В Киеве была весна. Настоящая весна с капелью, с просыхающими тротуарами, на которых девчонки играли в «классы».

Потом, когда вернулись, Архипов вспоминал эти пять дней в Киеве как счастье. Были какие-то молодые предчувствия, весенние надежды. Отчего? Непонятно. Разве он уже не прожил свою главную жизнь? Или пока жив, не прожил?

Было весело показывать Алеше город, по вечерам в гостинице — остановились в «Киеве» на двенадцатом этаже — читали «Белую гвардию», он специально взял с собой, а днем отыскивали путь, по которому бежал раненый Турбин: Прорезная, Мало-Подвальная. На Андреевском спуске кто-то процарапал на стене: «Дом Булгакова». Заходили во двор, лазили на гору за домом. Никогда раньше Архипов не был так близок к сыну. Обжигало раскаянье: его растили бабушки, каждая по-своему, а им с Лялей всю жизнь было некогда. Как же этот мальчик сохранил в себе любовь к вечно занятому чем-то, только не им, отцу?

Когда вернулись в Москву, показалось, что путешествовали долго, необычно долго. Вот и в Москве весна, не такая ослепительная, но все же весна.

— Позвони Коле, он дождаться не может, — сказала мать.

Старые проблемы обступили со всех сторон. Чего это он радовался в Киеве, как щенок, ничего же не решено, ничего не понятно.

Коля предложил идти к нему на завод.

— Любой отдел бери. Хочешь отдел? Бери пока, а там видно будет.

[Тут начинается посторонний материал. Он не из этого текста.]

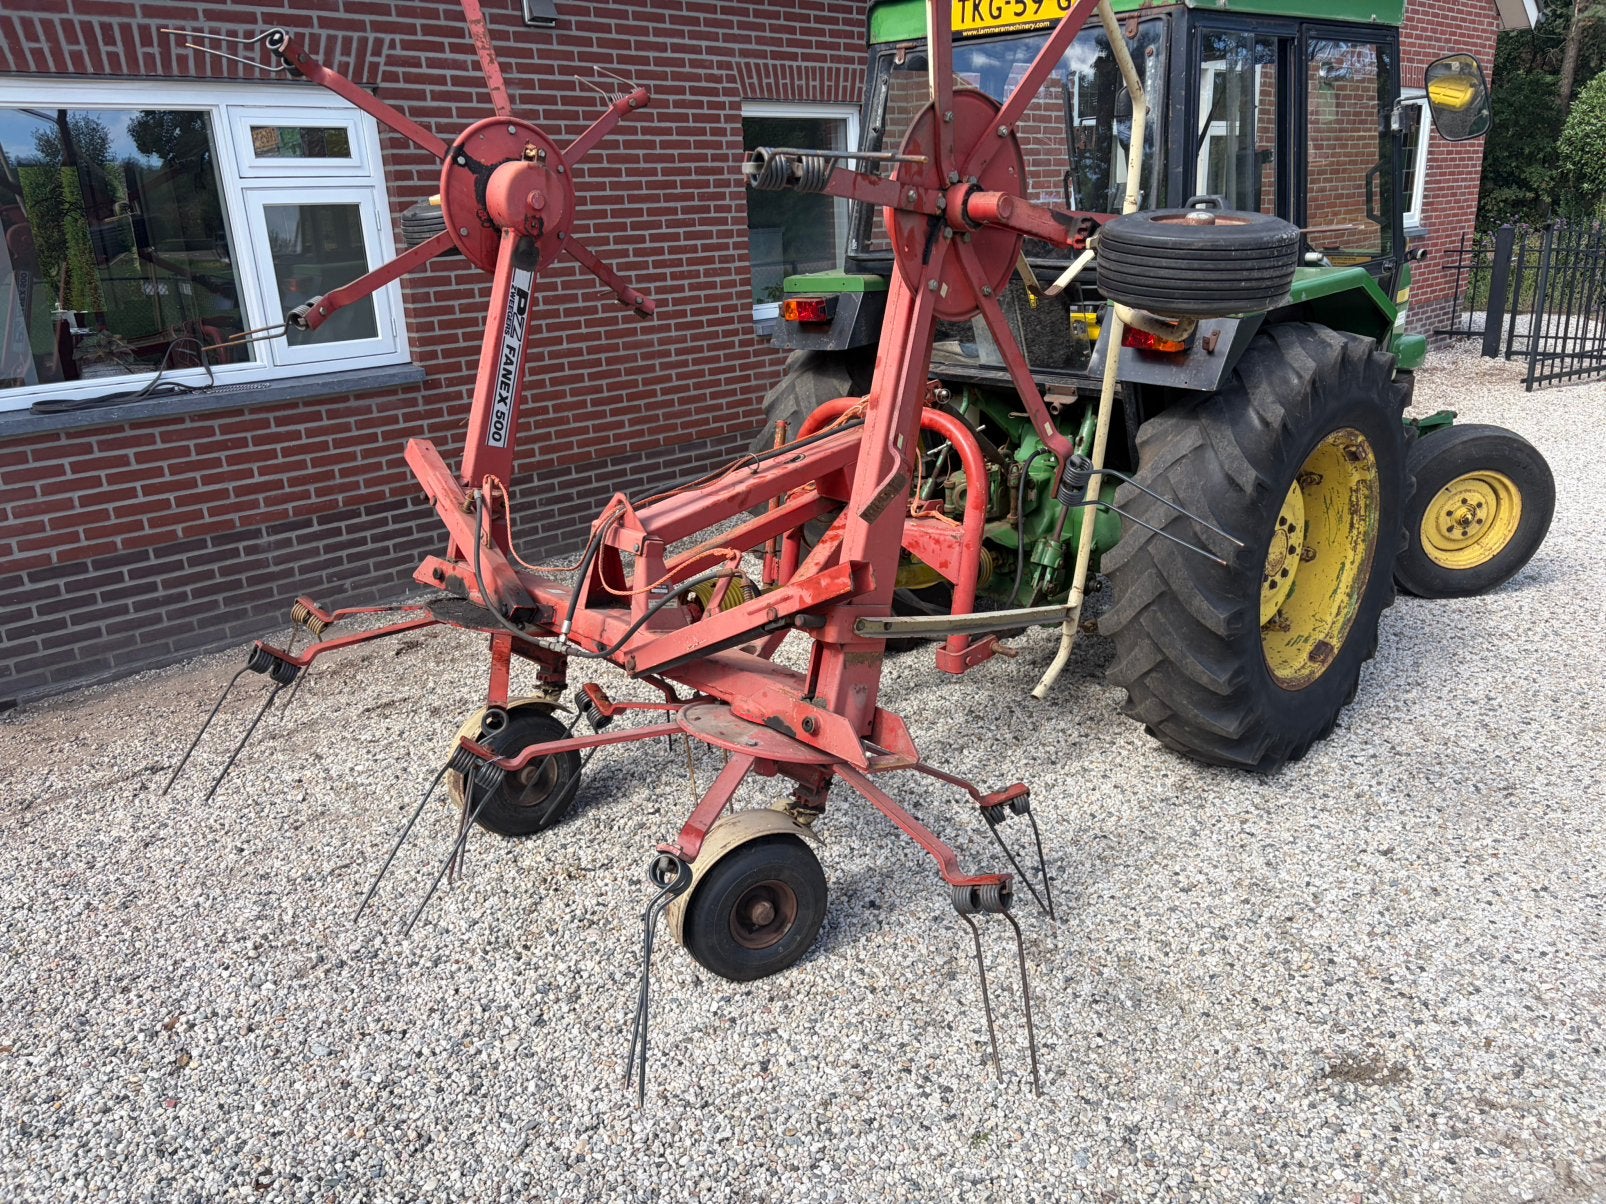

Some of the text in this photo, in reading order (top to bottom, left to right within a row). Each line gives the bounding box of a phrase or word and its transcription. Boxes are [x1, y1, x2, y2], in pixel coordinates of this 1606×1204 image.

[505, 284, 518, 336] ZWEEGERS
[492, 287, 529, 442] PZ FANEX 500
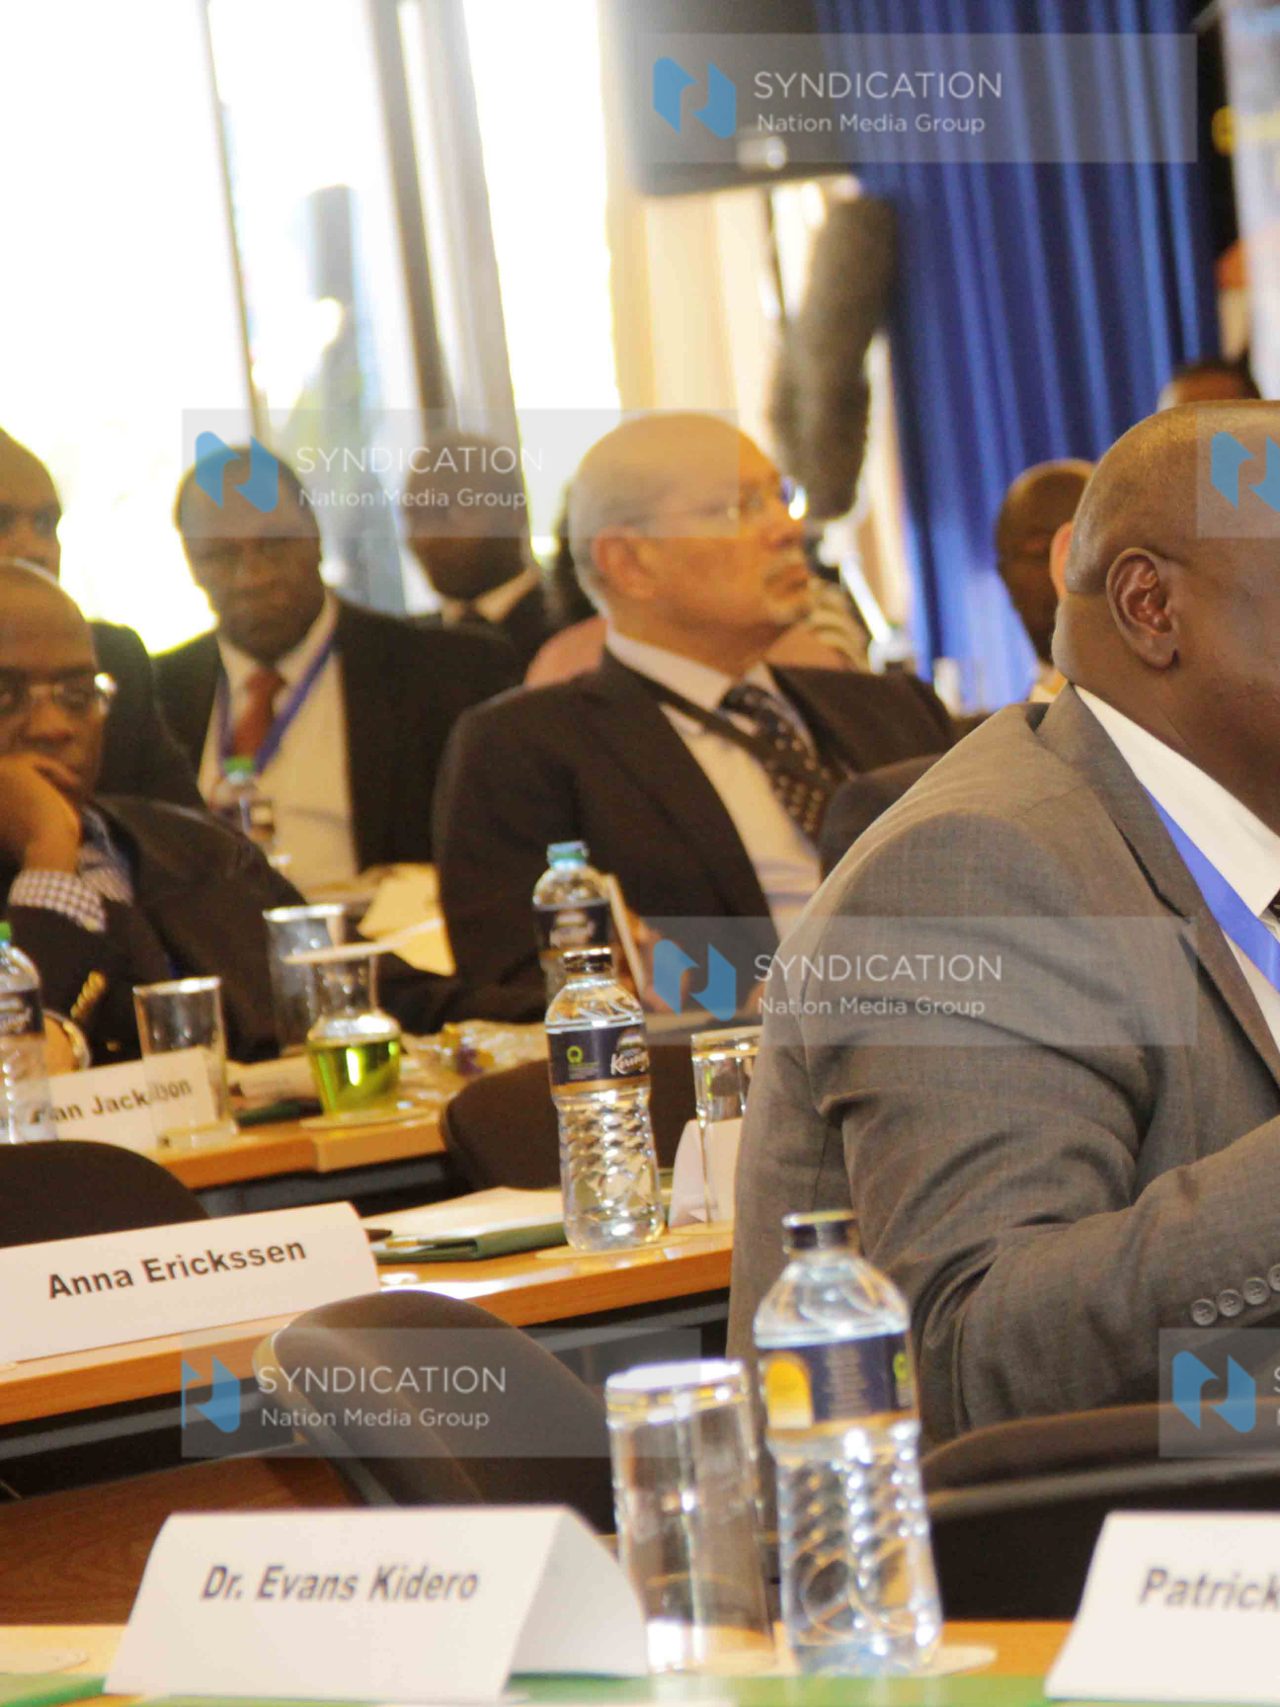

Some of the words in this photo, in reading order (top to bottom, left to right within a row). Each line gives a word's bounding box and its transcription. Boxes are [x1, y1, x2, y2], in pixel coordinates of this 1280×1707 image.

Колю можно понять, кроме отдела, он ничего предложить не в состоянии. Он же не министр и даже не Филимонов. Но в отдел Архипов не пойдет. Что он там будет делать — в отделе?

— Ладно, — сказал он Коле, не желая его огорчать. — Я подумаю.

— А чего тут думать? — тотчас же вступила мать, видимо, подслушивала за дверью. — Иди к Николаю, он там тебя хоть уму-разуму научит.

Мать уважала Колю, считала, что он «умеет добиваться». Это вообще были ее любимые критерии: умеет добиваться, умеет жить. Митя, по ее мнению, ни жить, ни добиваться не умел.

— Иди к Николаю, — снова повторила мать, — он тебе найдет работу не бей лежачего, а тебе сейчас такую и надо. Погляди на себя — на кого похож!

Митя надел пальто, взял шапку.

— Ты куда? — тревожно спросила мать.

— Пройдусь, — коротко ответил он.

Спускаясь по лестнице, подумал: «Может, пойти к Игорю Михайлову на кафедру? Никогда не преподавал… Черт его знает, получится ли…»

Во дворе стояла женщина в синем пальто, с цветами, высоко завернутыми в бумагу. Ее темные волосы были коротко стрижены, и казалось, что у женщины на голове шлем.

— Здравствуй! — сказала она и засмеялась, увидев, как он онемел от удивления. — Ты совсем не изменился.

Когда она засмеялась, что-то похожее — на кого? — мелькнуло в ее лице с блестящими темными глазами. Мелькнуло и пропало.

— Выходит, мы знакомы? — спросил он наконец.

— Конечно! — опять засмеялась она. — Я же не говорю «ты» незнакомым мужчинам.

И вдруг он узнал ее, хотя узнать было невозможно.

— Века!

— Ну да, видишь, узнал! — обрадовалась она.

И он опять удивился, как это он ее узнал. Ничего не осталось прежнего в этой высокой женщине с темным шлемом волос на голове, только когда она улыбалась, ее маленький нос смешно морщился, так же, как у той девчонки, в которую он был влюблен, пока не появилась Ляля.

— Я уже была здесь несколько дней назад, — сказала она. — Видела тетю Паню. Я много раз приезжала в Москву, но никогда не заходила сюда, в ваш двор, а в этот раз вдруг захотелось.